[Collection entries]
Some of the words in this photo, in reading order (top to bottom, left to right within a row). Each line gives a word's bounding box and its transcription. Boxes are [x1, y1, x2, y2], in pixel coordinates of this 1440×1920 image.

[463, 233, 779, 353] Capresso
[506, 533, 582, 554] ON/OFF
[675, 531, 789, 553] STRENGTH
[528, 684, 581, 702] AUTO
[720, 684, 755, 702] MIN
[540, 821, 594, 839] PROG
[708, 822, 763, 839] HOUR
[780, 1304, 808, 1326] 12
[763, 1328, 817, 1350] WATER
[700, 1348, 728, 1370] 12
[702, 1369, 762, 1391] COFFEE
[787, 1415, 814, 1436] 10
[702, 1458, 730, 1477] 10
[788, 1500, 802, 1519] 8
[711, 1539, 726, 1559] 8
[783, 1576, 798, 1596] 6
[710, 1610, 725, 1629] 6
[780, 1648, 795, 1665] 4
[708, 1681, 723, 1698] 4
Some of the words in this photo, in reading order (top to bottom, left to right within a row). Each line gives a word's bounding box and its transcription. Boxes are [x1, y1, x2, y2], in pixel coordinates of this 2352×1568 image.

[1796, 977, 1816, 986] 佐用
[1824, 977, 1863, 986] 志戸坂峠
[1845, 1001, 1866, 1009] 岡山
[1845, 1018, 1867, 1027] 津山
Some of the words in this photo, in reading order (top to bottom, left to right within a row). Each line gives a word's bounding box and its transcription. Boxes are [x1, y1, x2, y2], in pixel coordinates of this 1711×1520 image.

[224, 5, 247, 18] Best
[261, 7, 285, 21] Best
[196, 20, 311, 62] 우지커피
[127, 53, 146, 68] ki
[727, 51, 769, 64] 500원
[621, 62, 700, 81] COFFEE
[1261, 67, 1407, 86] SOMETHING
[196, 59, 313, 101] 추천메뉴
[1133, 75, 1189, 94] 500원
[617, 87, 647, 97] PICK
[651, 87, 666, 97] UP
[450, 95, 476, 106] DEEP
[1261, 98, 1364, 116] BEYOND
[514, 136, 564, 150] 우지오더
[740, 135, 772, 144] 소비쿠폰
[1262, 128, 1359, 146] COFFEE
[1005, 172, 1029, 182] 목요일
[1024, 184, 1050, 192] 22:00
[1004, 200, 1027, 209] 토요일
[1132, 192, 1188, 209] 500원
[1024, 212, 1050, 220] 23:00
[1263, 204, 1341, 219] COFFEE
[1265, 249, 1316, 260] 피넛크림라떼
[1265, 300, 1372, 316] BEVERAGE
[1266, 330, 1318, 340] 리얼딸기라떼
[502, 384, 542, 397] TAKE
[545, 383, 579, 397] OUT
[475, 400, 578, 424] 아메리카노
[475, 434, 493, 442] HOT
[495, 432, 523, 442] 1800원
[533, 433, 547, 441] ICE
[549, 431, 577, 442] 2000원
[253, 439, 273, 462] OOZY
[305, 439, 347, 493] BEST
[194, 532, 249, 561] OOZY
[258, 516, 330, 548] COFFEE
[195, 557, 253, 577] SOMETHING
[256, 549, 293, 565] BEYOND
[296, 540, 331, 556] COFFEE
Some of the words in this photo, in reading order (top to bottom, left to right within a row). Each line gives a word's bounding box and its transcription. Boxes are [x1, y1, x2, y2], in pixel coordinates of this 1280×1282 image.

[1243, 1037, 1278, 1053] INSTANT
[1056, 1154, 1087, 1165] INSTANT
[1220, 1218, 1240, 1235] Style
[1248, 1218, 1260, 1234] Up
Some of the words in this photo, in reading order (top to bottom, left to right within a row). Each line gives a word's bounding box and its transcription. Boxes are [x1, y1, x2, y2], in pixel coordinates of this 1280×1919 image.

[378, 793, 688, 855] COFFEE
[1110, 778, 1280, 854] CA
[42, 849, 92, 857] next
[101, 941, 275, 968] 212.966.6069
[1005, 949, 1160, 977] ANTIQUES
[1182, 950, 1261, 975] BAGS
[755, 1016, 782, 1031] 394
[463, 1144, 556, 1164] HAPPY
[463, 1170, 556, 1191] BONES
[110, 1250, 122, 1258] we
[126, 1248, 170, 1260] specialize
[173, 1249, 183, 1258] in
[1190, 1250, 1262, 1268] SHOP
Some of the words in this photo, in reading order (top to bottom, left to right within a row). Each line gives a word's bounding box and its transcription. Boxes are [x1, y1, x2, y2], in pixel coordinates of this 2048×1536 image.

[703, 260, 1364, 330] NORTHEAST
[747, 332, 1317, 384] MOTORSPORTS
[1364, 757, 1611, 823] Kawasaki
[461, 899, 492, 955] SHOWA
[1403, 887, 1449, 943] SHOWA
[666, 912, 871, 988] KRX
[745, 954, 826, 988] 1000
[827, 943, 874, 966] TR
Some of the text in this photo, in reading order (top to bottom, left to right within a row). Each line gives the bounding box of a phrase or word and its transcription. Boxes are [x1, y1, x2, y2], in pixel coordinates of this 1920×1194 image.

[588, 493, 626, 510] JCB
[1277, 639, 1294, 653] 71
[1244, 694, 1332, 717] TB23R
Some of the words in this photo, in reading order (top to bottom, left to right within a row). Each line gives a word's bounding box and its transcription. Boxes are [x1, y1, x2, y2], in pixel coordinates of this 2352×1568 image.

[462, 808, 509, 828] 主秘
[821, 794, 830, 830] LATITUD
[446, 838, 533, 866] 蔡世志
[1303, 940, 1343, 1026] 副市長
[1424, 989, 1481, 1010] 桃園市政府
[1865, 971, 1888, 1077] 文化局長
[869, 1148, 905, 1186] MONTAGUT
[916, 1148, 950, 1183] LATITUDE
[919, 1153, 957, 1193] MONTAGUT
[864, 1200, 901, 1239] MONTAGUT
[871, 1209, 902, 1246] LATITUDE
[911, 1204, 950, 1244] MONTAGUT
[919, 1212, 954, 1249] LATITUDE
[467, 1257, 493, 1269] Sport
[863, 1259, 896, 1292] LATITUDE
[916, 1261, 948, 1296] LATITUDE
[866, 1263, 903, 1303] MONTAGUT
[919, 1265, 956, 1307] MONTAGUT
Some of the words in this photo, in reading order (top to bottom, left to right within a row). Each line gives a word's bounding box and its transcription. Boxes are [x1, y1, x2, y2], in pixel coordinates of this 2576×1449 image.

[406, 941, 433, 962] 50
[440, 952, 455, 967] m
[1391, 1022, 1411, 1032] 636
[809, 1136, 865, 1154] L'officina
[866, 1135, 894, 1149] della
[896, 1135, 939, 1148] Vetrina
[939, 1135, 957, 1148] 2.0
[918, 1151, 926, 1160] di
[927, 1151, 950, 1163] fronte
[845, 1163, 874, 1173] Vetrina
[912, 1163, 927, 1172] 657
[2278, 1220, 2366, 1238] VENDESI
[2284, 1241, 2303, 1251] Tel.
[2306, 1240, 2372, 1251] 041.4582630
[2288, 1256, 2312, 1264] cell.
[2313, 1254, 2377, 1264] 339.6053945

# WHAT THE TASK ASKS:
From the data above, give every line again exactly as it appears.

# RESPONSE TO THIS EXERCISE:
Some of the words in this photo, in reading order (top to bottom, left to right within a row). Each line gives a word's bounding box and its transcription. Boxes are [x1, y1, x2, y2], in pixel coordinates of this 1440×1920 image.

[463, 233, 779, 353] Capresso
[506, 533, 582, 554] ON/OFF
[675, 531, 789, 553] STRENGTH
[528, 684, 581, 702] AUTO
[720, 684, 755, 702] MIN
[540, 821, 594, 839] PROG
[708, 822, 763, 839] HOUR
[780, 1304, 808, 1326] 12
[763, 1328, 817, 1350] WATER
[700, 1348, 728, 1370] 12
[702, 1369, 762, 1391] COFFEE
[787, 1415, 814, 1436] 10
[702, 1458, 730, 1477] 10
[788, 1500, 802, 1519] 8
[711, 1539, 726, 1559] 8
[783, 1576, 798, 1596] 6
[710, 1610, 725, 1629] 6
[780, 1648, 795, 1665] 4
[708, 1681, 723, 1698] 4
Some of the words in this photo, in reading order (top to bottom, left to right within a row). Each line gives a word's bounding box and its transcription. Boxes are [x1, y1, x2, y2], in pixel coordinates of this 2352×1568 image.

[1796, 977, 1816, 986] 佐用
[1824, 977, 1863, 986] 志戸坂峠
[1845, 1001, 1866, 1009] 岡山
[1845, 1018, 1867, 1027] 津山
Some of the words in this photo, in reading order (top to bottom, left to right within a row). Each line gives a word's bounding box and its transcription. Boxes are [x1, y1, x2, y2], in pixel coordinates of this 1711×1520 image.

[224, 5, 247, 18] Best
[261, 7, 285, 21] Best
[196, 20, 311, 62] 우지커피
[127, 53, 146, 68] ki
[727, 51, 769, 64] 500원
[621, 62, 700, 81] COFFEE
[1261, 67, 1407, 86] SOMETHING
[196, 59, 313, 101] 추천메뉴
[1133, 75, 1189, 94] 500원
[617, 87, 647, 97] PICK
[651, 87, 666, 97] UP
[450, 95, 476, 106] DEEP
[1261, 98, 1364, 116] BEYOND
[514, 136, 564, 150] 우지오더
[740, 135, 772, 144] 소비쿠폰
[1262, 128, 1359, 146] COFFEE
[1005, 172, 1029, 182] 목요일
[1024, 184, 1050, 192] 22:00
[1004, 200, 1027, 209] 토요일
[1132, 192, 1188, 209] 500원
[1024, 212, 1050, 220] 23:00
[1263, 204, 1341, 219] COFFEE
[1265, 249, 1316, 260] 피넛크림라떼
[1265, 300, 1372, 316] BEVERAGE
[1266, 330, 1318, 340] 리얼딸기라떼
[502, 384, 542, 397] TAKE
[545, 383, 579, 397] OUT
[475, 400, 578, 424] 아메리카노
[475, 434, 493, 442] HOT
[495, 432, 523, 442] 1800원
[533, 433, 547, 441] ICE
[549, 431, 577, 442] 2000원
[253, 439, 273, 462] OOZY
[305, 439, 347, 493] BEST
[194, 532, 249, 561] OOZY
[258, 516, 330, 548] COFFEE
[195, 557, 253, 577] SOMETHING
[256, 549, 293, 565] BEYOND
[296, 540, 331, 556] COFFEE
Some of the words in this photo, in reading order (top to bottom, left to right within a row). Each line gives a word's bounding box and its transcription. Boxes are [x1, y1, x2, y2], in pixel coordinates of this 1280×1282 image.

[1243, 1037, 1278, 1053] INSTANT
[1056, 1154, 1087, 1165] INSTANT
[1220, 1218, 1240, 1235] Style
[1248, 1218, 1260, 1234] Up
Some of the words in this photo, in reading order (top to bottom, left to right within a row). Each line gives a word's bounding box and its transcription. Boxes are [x1, y1, x2, y2], in pixel coordinates of this 1280×1919 image.

[378, 793, 688, 855] COFFEE
[1110, 778, 1280, 854] CA
[42, 849, 92, 857] next
[101, 941, 275, 968] 212.966.6069
[1005, 949, 1160, 977] ANTIQUES
[1182, 950, 1261, 975] BAGS
[755, 1016, 782, 1031] 394
[463, 1144, 556, 1164] HAPPY
[463, 1170, 556, 1191] BONES
[110, 1250, 122, 1258] we
[126, 1248, 170, 1260] specialize
[173, 1249, 183, 1258] in
[1190, 1250, 1262, 1268] SHOP
Some of the words in this photo, in reading order (top to bottom, left to right within a row). Each line gives a word's bounding box and its transcription. Boxes are [x1, y1, x2, y2], in pixel coordinates of this 2048×1536 image.

[703, 260, 1364, 330] NORTHEAST
[747, 332, 1317, 384] MOTORSPORTS
[1364, 757, 1611, 823] Kawasaki
[461, 899, 492, 955] SHOWA
[1403, 887, 1449, 943] SHOWA
[666, 912, 871, 988] KRX
[745, 954, 826, 988] 1000
[827, 943, 874, 966] TR
Some of the text in this photo, in reading order (top to bottom, left to right within a row). Each line gives the bounding box of a phrase or word and its transcription. Boxes are [x1, y1, x2, y2], in pixel coordinates of this 1920×1194 image.

[588, 493, 626, 510] JCB
[1277, 639, 1294, 653] 71
[1244, 694, 1332, 717] TB23R
Some of the words in this photo, in reading order (top to bottom, left to right within a row). Each line gives a word's bounding box and its transcription. Boxes are [x1, y1, x2, y2], in pixel coordinates of this 2352×1568 image.

[462, 808, 509, 828] 主秘
[821, 794, 830, 830] LATITUD
[446, 838, 533, 866] 蔡世志
[1303, 940, 1343, 1026] 副市長
[1424, 989, 1481, 1010] 桃園市政府
[1865, 971, 1888, 1077] 文化局長
[869, 1148, 905, 1186] MONTAGUT
[916, 1148, 950, 1183] LATITUDE
[919, 1153, 957, 1193] MONTAGUT
[864, 1200, 901, 1239] MONTAGUT
[871, 1209, 902, 1246] LATITUDE
[911, 1204, 950, 1244] MONTAGUT
[919, 1212, 954, 1249] LATITUDE
[467, 1257, 493, 1269] Sport
[863, 1259, 896, 1292] LATITUDE
[916, 1261, 948, 1296] LATITUDE
[866, 1263, 903, 1303] MONTAGUT
[919, 1265, 956, 1307] MONTAGUT
Some of the words in this photo, in reading order (top to bottom, left to right within a row). Each line gives a word's bounding box and its transcription. Boxes are [x1, y1, x2, y2], in pixel coordinates of this 2576×1449 image.

[406, 941, 433, 962] 50
[440, 952, 455, 967] m
[1391, 1022, 1411, 1032] 636
[809, 1136, 865, 1154] L'officina
[866, 1135, 894, 1149] della
[896, 1135, 939, 1148] Vetrina
[939, 1135, 957, 1148] 2.0
[918, 1151, 926, 1160] di
[927, 1151, 950, 1163] fronte
[845, 1163, 874, 1173] Vetrina
[912, 1163, 927, 1172] 657
[2278, 1220, 2366, 1238] VENDESI
[2284, 1241, 2303, 1251] Tel.
[2306, 1240, 2372, 1251] 041.4582630
[2288, 1256, 2312, 1264] cell.
[2313, 1254, 2377, 1264] 339.6053945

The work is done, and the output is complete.